I call to your attention Manrique's candidacy, because it was one of the main causes of my resignation from NF. He has a strong anti-Peronist and anti-Communist background (the former considerably and positively erased), and a clearly democratic ideology. His social origins are middle-class and his economics have been, generally, pro-free market and private-property, although not totally coherent. He capitalized politically his passage as Social Welfare Minister during the present military government, to become the only popular, independent leader, besides, of course, Peron. He is certainly not an ideal candidate, but I have the suspicion that such a specimen does not really exist. I believe he is the best possible choice in a dangerous situation.


To turn to another subject, more directly related to you; during the last few weeks it has been developing what we may call a case example of many misunderstandings among USA and other countries, possibly explained by the "liberal corporate system" hypothesis used by revisionist authors of libertarian persuasion (such as Stromberg's piece in May '72 issue of THE INDIVIDUALIST).

At a factual level, the problem seems to be the following: as perhaps you don't know (as I didn't until now), the air traffic between USA and some or all of its neighbor countries is restricted to USA and the corresponding neighbor's country's airlines. That is, an Argentine airline whose planes fly from Buenos Aires to NY or California, stopping en route at Mexico City, is not allowed to sell tickets for the last portion of the flight: Mexico—USA. Americans—and, possibly, Mexican—airlines, have a legal monopoly in the area. This protection is apparently common and, as always, invites reciprocity. In effect, in a half-imitation vein, the Argentine Govt. decided to allocate quotas to foreign airlines in the traffic between Argentina and its neighbor countries. By this system, Braniff, for example, could only transport around 4,000 passengers from Santiago, Chile, to Buenos Aires in the whole year of 1972. Notice that the Argentinian policy was much less protectionist than the USA policy, since the latter implied total prohibition, while the former a simple limitation.

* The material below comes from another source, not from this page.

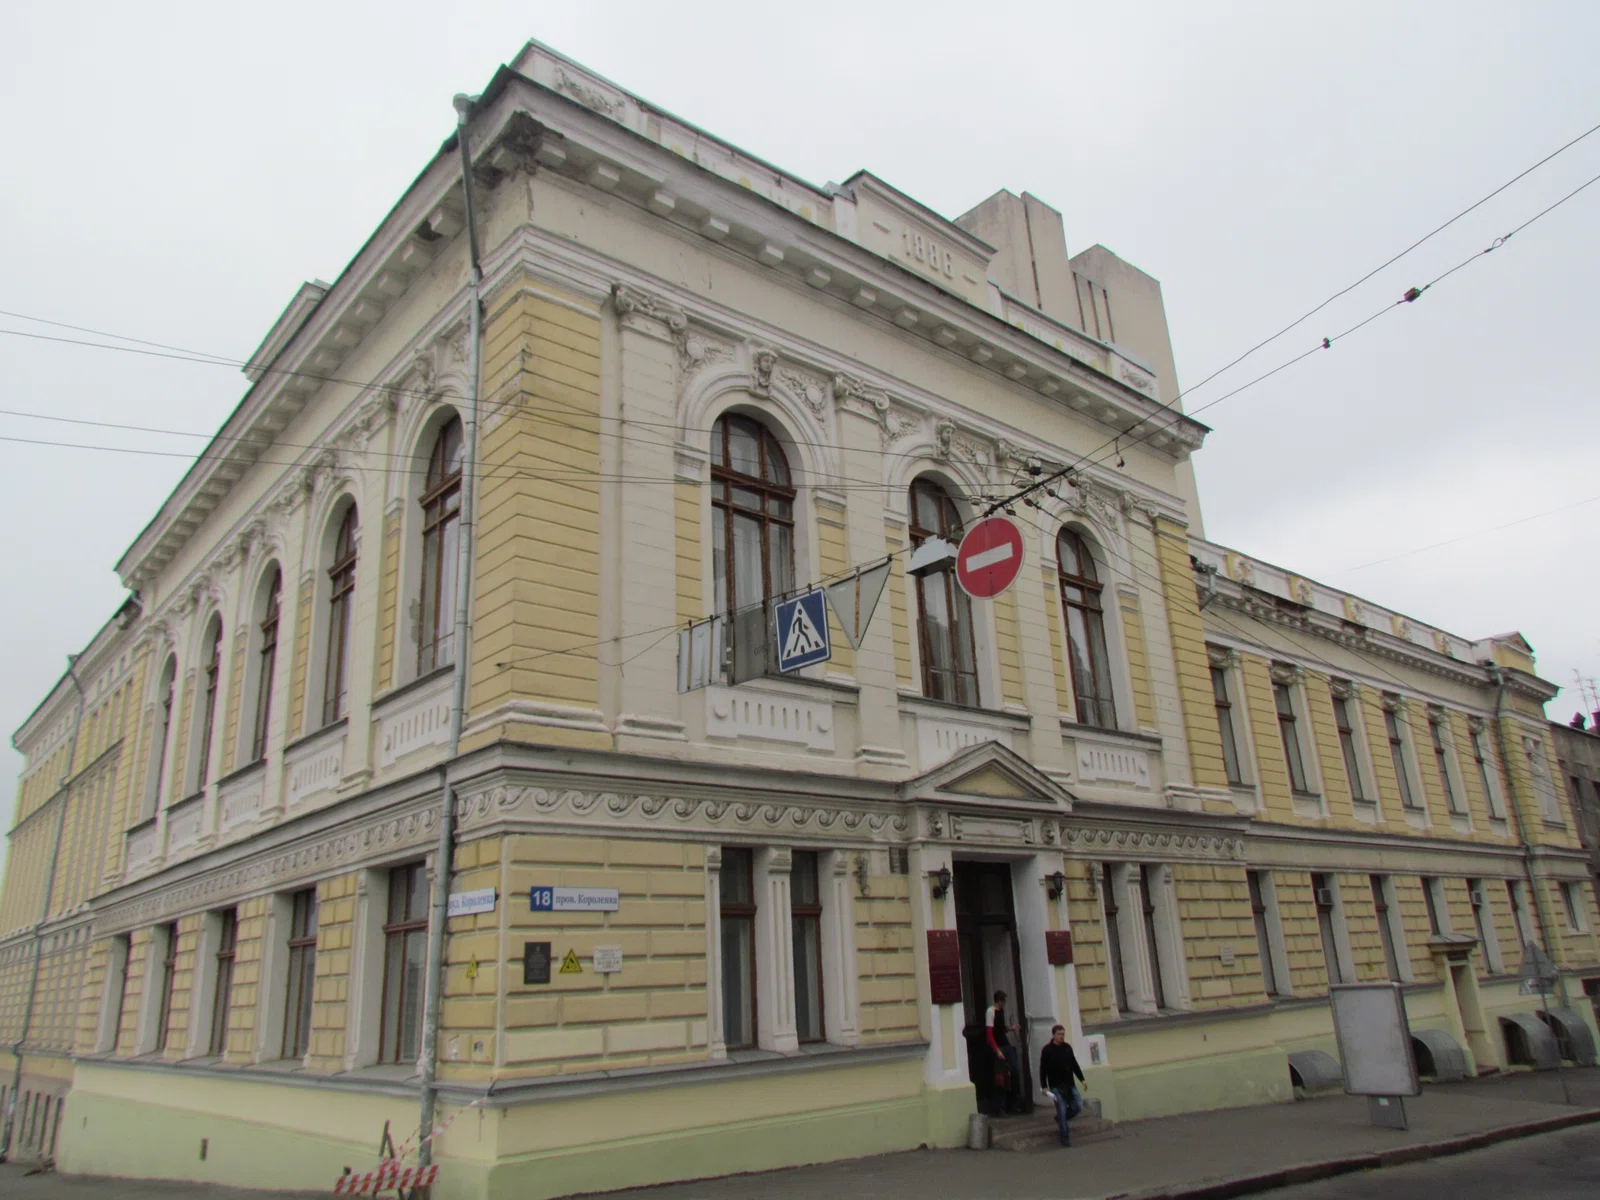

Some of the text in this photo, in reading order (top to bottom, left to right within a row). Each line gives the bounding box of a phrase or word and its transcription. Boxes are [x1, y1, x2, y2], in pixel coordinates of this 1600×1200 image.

But by July of this year, Braniff had already transported more than the permitted quota. The local air authority did not sanction the transgressor, it merely advised the company that its quota was filled and no more tickets could be sold for the Chile-Buenos Aires stretch. This action apparently caused Braniff to present a protest or something at the C.A.B., which applied a sanction to the only Argentine airline that reaches USA, reducing its frequency by about 30%. Bear in mind the interesting fact that this company (Aerolineas Argentinas) was not, formally, a party to the problem between the local air authority and Braniff. At present, this authority has retaliated, reducing in the same proportion the frequency of Braniff and Pan American flights to Buenos Aires. Nobody knows how the reciprocal escalation shall end.

It is plain here that we have a protectionist policy of one government answered partially and mildly by the other. Of course, our local nationalists are happily using the whole episode, and I am afraid that this time they are closer to the truth. The policy of the C.A.B. seems to be: whatever USA can do, others cannot.

This small incident should not be disregarded as merely a conflict between two statisms. It touches larger issues.

In the first place, it should serve to caution whenever you read or hear about aggression against a foreign company. The reality might be altogether different.

Secondly, it sharply illustrates the way private and public interests are dangerously intertwined.

Thirdly, it is a brilliant example of how and why protectionist policies are not conducive to world peace but to artificial conflicts.

Altogether it is a real pity and it does not help a bit. Further still, it raises a discomforting question: have we libertarians become too naive?